Der Energieeintrag, der für die SNARE-vermittelte Fusion erforderlich ist, stammt aus der Zerlegung des SNARE-Komplexes. Die vermutete Energiequelle ist N-Ethylmaleinimid-sensitiver Faktor (NSF) , eine ATPase , die an der Membranfusion beteiligt ist . NSF-Homohexamere binden und dissoziieren zusammen mit dem NSF- Cofaktor α-SNAP den SNARE-Komplex durch Kopplung des Prozesses mit ATP-Hydrolyse . Dieser Prozess ermöglicht die Wiederaufnahme von Synaptobrevin zur weiteren Verwendung in Vesikeln , während die anderen SNARE-Proteine ​​mit der Zellmembran assoziiert bleiben .

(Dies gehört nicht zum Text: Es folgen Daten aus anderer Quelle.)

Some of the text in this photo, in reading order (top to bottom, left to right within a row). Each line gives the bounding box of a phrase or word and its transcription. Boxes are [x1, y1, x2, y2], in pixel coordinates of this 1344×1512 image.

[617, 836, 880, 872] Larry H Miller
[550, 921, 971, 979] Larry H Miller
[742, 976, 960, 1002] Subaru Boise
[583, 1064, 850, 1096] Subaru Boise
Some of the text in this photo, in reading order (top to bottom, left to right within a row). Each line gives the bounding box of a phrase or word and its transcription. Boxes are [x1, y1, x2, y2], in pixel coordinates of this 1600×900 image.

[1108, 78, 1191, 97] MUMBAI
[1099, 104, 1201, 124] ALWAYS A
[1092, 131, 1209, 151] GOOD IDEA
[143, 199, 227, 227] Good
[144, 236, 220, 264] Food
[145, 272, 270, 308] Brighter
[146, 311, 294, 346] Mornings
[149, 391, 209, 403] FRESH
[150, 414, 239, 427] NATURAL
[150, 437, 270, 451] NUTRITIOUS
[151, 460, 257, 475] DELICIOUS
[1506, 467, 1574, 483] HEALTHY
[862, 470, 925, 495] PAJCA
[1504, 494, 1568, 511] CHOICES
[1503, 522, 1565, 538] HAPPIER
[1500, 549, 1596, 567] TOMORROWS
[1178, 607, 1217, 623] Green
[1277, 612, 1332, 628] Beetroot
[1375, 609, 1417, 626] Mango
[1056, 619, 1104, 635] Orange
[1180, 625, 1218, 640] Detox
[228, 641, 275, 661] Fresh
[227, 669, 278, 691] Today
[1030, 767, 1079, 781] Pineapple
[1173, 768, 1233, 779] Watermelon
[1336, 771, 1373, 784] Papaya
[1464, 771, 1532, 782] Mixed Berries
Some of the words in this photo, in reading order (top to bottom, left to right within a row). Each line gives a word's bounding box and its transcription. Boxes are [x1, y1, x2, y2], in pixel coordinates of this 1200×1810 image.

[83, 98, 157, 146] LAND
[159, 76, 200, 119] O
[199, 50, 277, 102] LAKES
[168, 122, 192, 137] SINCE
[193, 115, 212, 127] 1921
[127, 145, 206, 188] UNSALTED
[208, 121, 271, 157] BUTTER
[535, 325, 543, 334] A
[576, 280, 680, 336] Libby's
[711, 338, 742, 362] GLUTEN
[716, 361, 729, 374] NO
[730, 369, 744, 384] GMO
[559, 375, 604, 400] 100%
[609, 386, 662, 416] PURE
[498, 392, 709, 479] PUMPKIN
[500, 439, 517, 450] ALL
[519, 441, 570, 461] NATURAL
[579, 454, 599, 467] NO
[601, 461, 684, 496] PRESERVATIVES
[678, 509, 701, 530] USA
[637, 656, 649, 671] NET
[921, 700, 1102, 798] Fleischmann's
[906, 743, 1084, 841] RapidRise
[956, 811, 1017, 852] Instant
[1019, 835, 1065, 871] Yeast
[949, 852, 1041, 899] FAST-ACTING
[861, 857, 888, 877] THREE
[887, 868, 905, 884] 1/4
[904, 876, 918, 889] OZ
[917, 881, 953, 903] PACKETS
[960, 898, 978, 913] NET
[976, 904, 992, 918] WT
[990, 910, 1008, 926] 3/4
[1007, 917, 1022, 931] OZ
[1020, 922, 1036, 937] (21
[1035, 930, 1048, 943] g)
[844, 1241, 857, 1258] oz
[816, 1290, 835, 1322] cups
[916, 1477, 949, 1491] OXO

Die dissoziierten SNARE-Proteine ​​haben einen höheren Energiezustand als der stabilere cis- SNARE-Komplex. Es wird angenommen, dass die Energie, die die Fusion antreibt , aus dem Übergang zu einem cis- SNARE-Komplex mit niedrigerer Energie stammt. Die ATP-Hydrolyse-gekoppelte Dissoziation von SNARE-Komplexen ist eine Energieinvestition, die mit dem „Cocking the Gun“ vergleichbar ist, sodass der Prozess nach dem Auslösen der Vesikelfusion spontan und mit optimaler Geschwindigkeit abläuft . Ein vergleichbarer Vorgang findet in Muskeln statt, bei denen die Myosinköpfe zunächst ATP hydrolysieren müssen, um die notwendige Konformation für die Interaktion mit Aktin und den anschließenden Kraftstoß anzupassen.

Regulatorische Auswirkungen auf die Exozytose

Regulierung über SNAP-25 Palmitoylierung

Das Q-SNARE-Protein Synaptosomal-assoziiertes Protein 25 ( SNAP-25 ) besteht aus zwei α-helikalen Domänen, die durch einen Random-Coil- Linker verbunden sind. Die Random-Coil-Linker-Region ist am bemerkenswertesten für ihre vier Cysteinreste . Die α-helikalen Domänen verbinden sich mit denen von Syntaxin und Synaptobrevin (auch als Vesikel- assoziiertes Membranprotein oder VAMP bekannt), um den 4-α-Helix-Coiled-Coil-SNARE-Komplex zu bilden, der für eine effiziente Exozytose entscheidend ist .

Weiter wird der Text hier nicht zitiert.